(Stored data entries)
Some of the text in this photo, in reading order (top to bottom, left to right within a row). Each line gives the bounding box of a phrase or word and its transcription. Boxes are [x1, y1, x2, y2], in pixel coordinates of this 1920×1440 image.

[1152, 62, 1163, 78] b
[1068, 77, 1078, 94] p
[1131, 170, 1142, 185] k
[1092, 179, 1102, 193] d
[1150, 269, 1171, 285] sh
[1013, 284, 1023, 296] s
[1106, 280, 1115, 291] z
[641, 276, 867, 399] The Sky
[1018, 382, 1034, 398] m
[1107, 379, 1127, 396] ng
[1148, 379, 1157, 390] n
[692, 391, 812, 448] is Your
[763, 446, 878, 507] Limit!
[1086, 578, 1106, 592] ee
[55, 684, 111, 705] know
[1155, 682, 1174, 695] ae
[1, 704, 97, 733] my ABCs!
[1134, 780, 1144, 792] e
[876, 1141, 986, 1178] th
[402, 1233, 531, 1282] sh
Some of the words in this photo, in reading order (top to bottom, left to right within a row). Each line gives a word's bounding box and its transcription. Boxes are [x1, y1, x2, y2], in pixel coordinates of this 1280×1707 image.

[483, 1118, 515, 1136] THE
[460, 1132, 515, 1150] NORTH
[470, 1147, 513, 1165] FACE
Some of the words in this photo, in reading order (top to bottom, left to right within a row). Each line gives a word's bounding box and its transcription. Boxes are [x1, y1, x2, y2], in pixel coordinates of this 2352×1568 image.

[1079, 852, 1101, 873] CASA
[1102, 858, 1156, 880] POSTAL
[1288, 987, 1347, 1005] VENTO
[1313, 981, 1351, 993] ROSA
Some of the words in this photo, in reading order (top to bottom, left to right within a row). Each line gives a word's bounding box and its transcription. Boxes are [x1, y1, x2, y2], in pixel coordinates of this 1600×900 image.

### Task description
The answer is the line holding "this 2352×1568 image." and all the lines after it through the end of the records, repeated exactly.

### Task response
Some of the words in this photo, in reading order (top to bottom, left to right within a row). Each line gives a word's bounding box and its transcription. Boxes are [x1, y1, x2, y2], in pixel coordinates of this 2352×1568 image.

[1079, 852, 1101, 873] CASA
[1102, 858, 1156, 880] POSTAL
[1288, 987, 1347, 1005] VENTO
[1313, 981, 1351, 993] ROSA
Some of the words in this photo, in reading order (top to bottom, left to right within a row). Each line gives a word's bounding box and its transcription. Boxes are [x1, y1, x2, y2], in pixel coordinates of this 1600×900 image.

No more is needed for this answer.